When I moved into the private sector, my new job came with a few perks.  For the first time in my career, I have an office with a door, an assistant and an expense account.  But with these privileges comes great responsibility, something not all employees take seriously. 

So I thought that today I would talk about how to keep track of your expenses and some of the abusive expense account behavior I’ve witnessed in recent months.  Because while keeping track of receipts and expenses can be a bit of a chore, handing your assistant wadded up slips of vellum and then asking him to sort through it all is rude. 

Write It Down. Before I leave a restaurant/bar, I write the name of the person or people I met with and what we discussed on the back of the receipt.  Why?  Because my memory isn’t perfect and I don’t want to spend hours staring at an anonymous receipt trying to remember what it’s from.

Be Organized.  I keep two Rebecca Minkoff pouches in my purse: one for business expenses and one for blog expenses.  When I pay for something the receipt automatically goes into its designated pouch.  Then, when I get to the office, I put my receipts into a storage box that I keep on my desk, saving them until the end of the month.

Have a Backup System.  Before I put a receipt in storage, I like to add the details of that meeting to my Outlook calendar and categorize it in a different color (green, of course).  That way, when I go to put my expense report together at the end of the month, I know exactly how many receipts I should have and what meeting they are from.  This prevents confusion and protects me in case a lose a receipt or can’t read the meeting details that I wrote on the back. (The latter is FAR more likely as my handwriting was once described as that of a serial killer with Parkinson’s.)

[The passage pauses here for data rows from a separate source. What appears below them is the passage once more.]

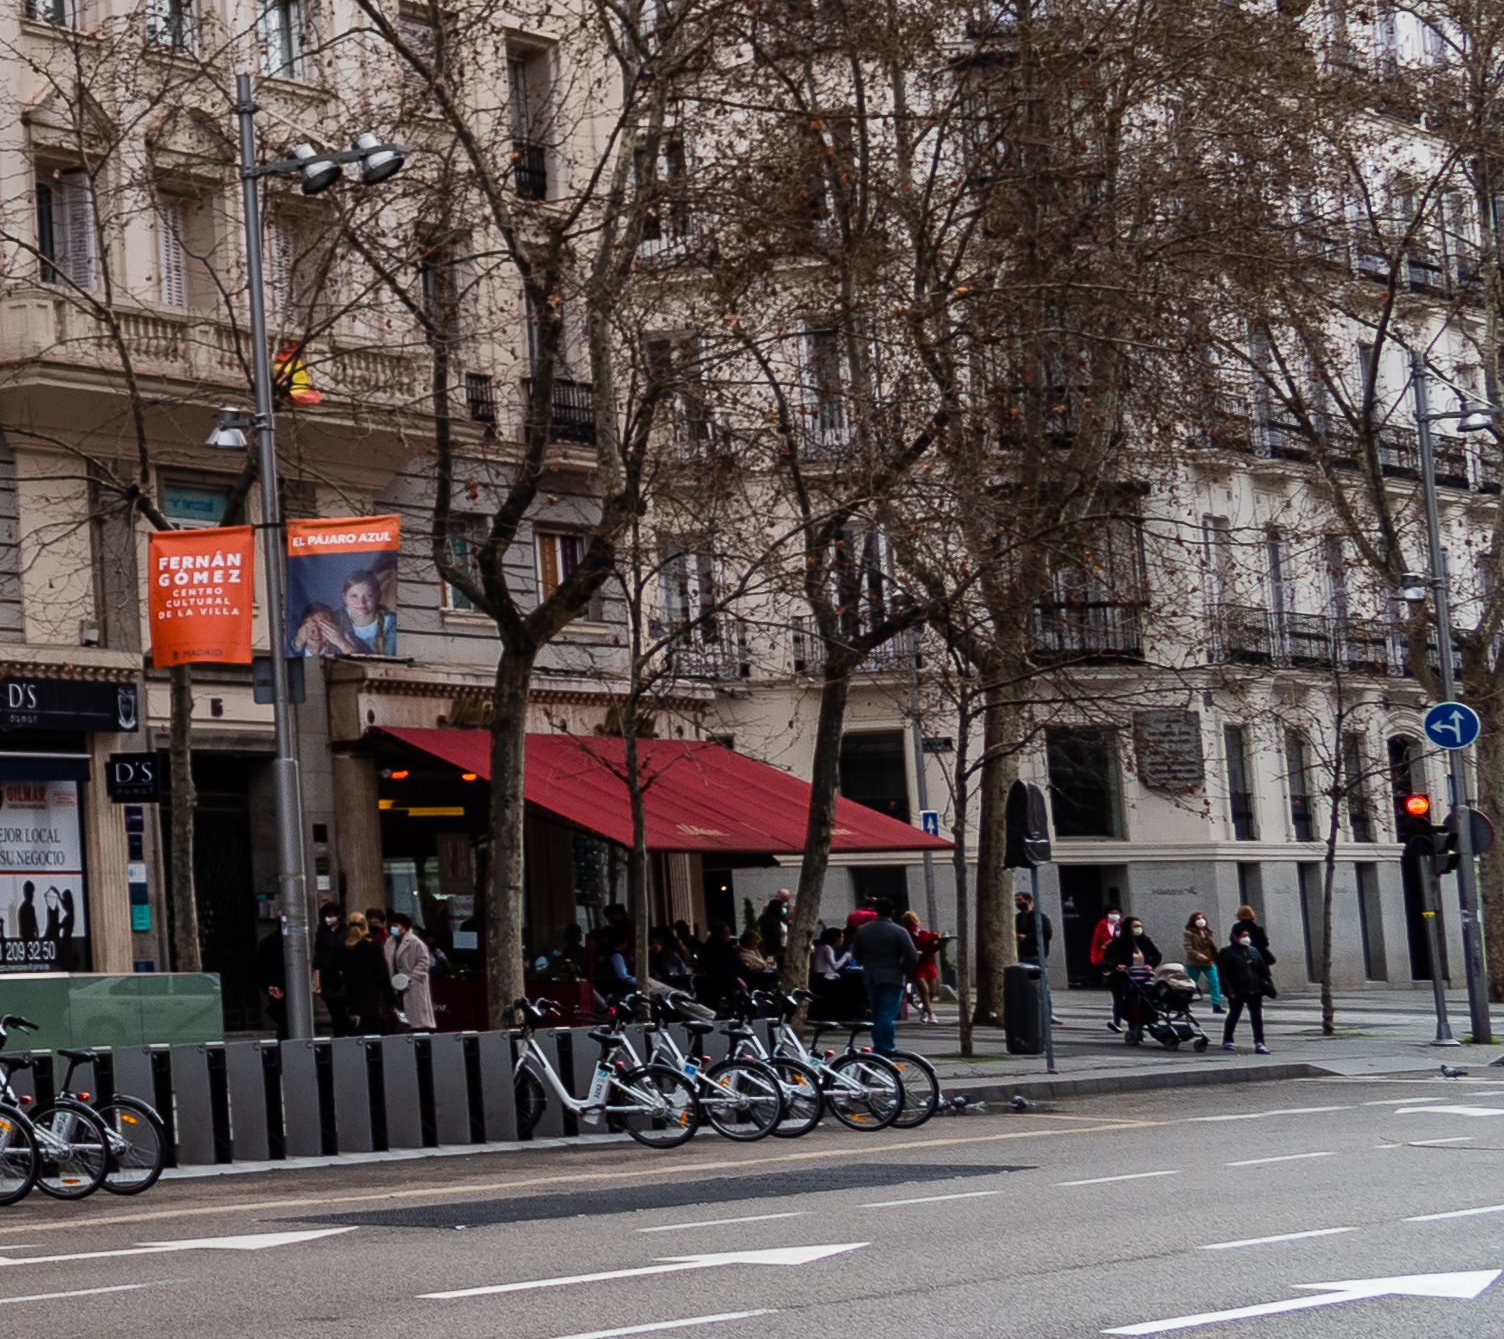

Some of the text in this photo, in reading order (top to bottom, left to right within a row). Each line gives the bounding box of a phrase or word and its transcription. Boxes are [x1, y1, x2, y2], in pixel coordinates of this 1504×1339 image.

[292, 531, 391, 547] EL PÁJARO AZUL
[158, 550, 241, 571] FERNÁN
[158, 568, 241, 587] GÓMEZ
[173, 587, 223, 597] CENTRO
[166, 598, 230, 608] CULTURAL
[158, 607, 239, 619] DE LA VILLA
[8, 683, 37, 709] D'S
[115, 761, 153, 783] D'S
[7, 785, 47, 802] GILMAR
[25, 828, 61, 843] LOCAL
[0, 850, 15, 865] SU
[17, 850, 65, 866] NEGOCIO
[6, 941, 25, 961] 209
[28, 941, 41, 960] 32
[43, 941, 56, 960] 50

Don’t Expense Stupid S**t.  I can’t say it any plainer than that.  It is not your Boss’s job to pay for your cold medicine, your daily 3pm sugar fix or the taxi you took to a non-work brunch on Sunday morning.  Trying to expense frivolous things or expand the definition of “work related” to abuse the system is a black mark on your professionalism.  And yet, people still try.

Trust me, the $1 you spend on that Snickers bar is far less important than being the cheap bastard who tries to expense a candy bar.

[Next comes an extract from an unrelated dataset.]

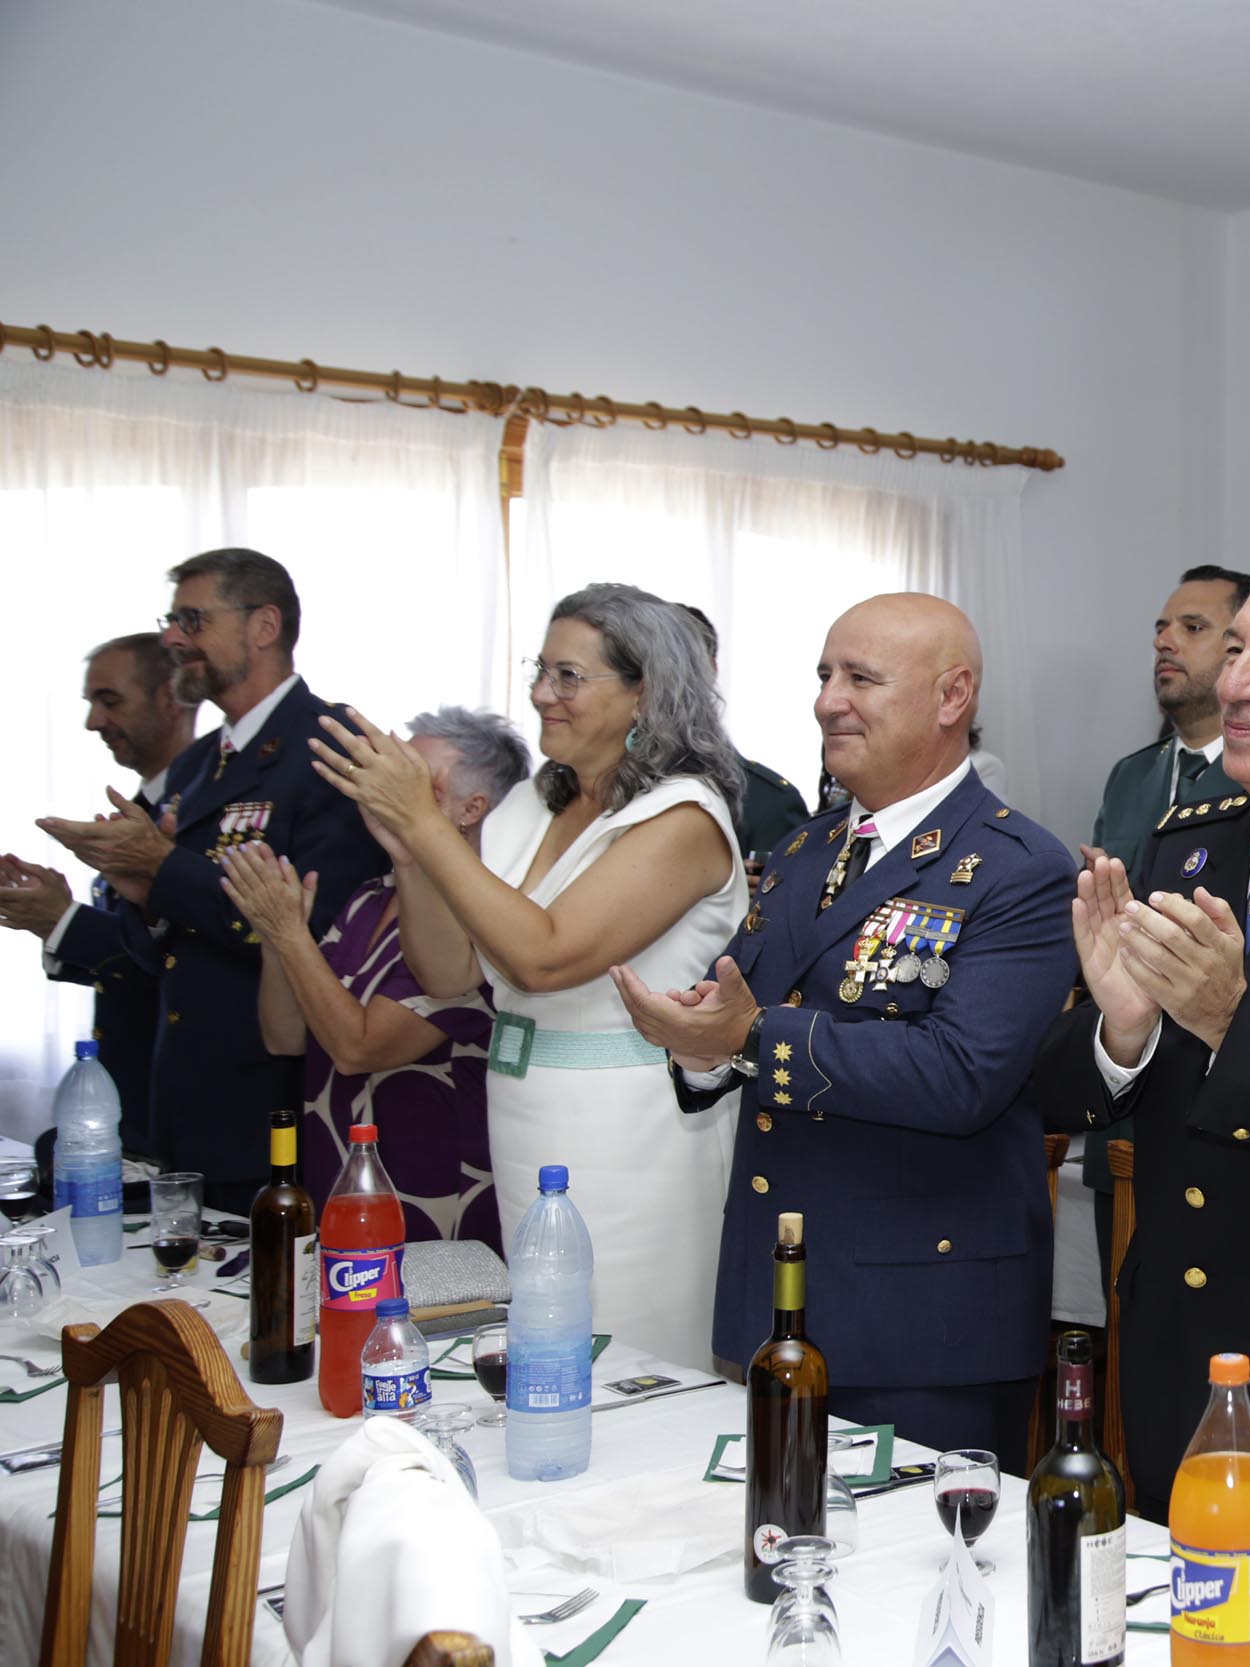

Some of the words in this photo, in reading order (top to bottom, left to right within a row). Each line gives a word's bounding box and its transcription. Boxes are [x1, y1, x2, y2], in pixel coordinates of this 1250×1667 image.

Be Honest.  Most employers have a vetting process for expenses, but in some cases, it isn’t very rigorous.  Abusing this complacency can be tempting.  Fudging the numbers on a receipt or expense report is stealing, plain and simple.  If/when you’re caught embellishing your expenses, your integrity will be called into question not just for past dealings but future ones as well.  So resist the Siren’s song of the free dinner, and just be honest.

This is particularly important if you work on Capitol Hill.  Look at what is happening with GSA, right now.  No oversight led employees to abuse the system, and now, the fate of the entire agency could be at risk.

Imagine what would happen if a reporter or a constituent got a hold of a Staffer’s expenses and learned that she charged taxpayers for a bottle of suntan lotion on a CODEL or a birthday dinner for a family member while on a staff trip?

Being honest about your expenses is important in the private sector because it speaks to your professional integrity.  But when you work for the government, you are a keeper of the public trust so honesty is even more critical.

Do you have any tips or tricks for keeping track of expenses?  Has someone you know ever tried to expense something really egregious?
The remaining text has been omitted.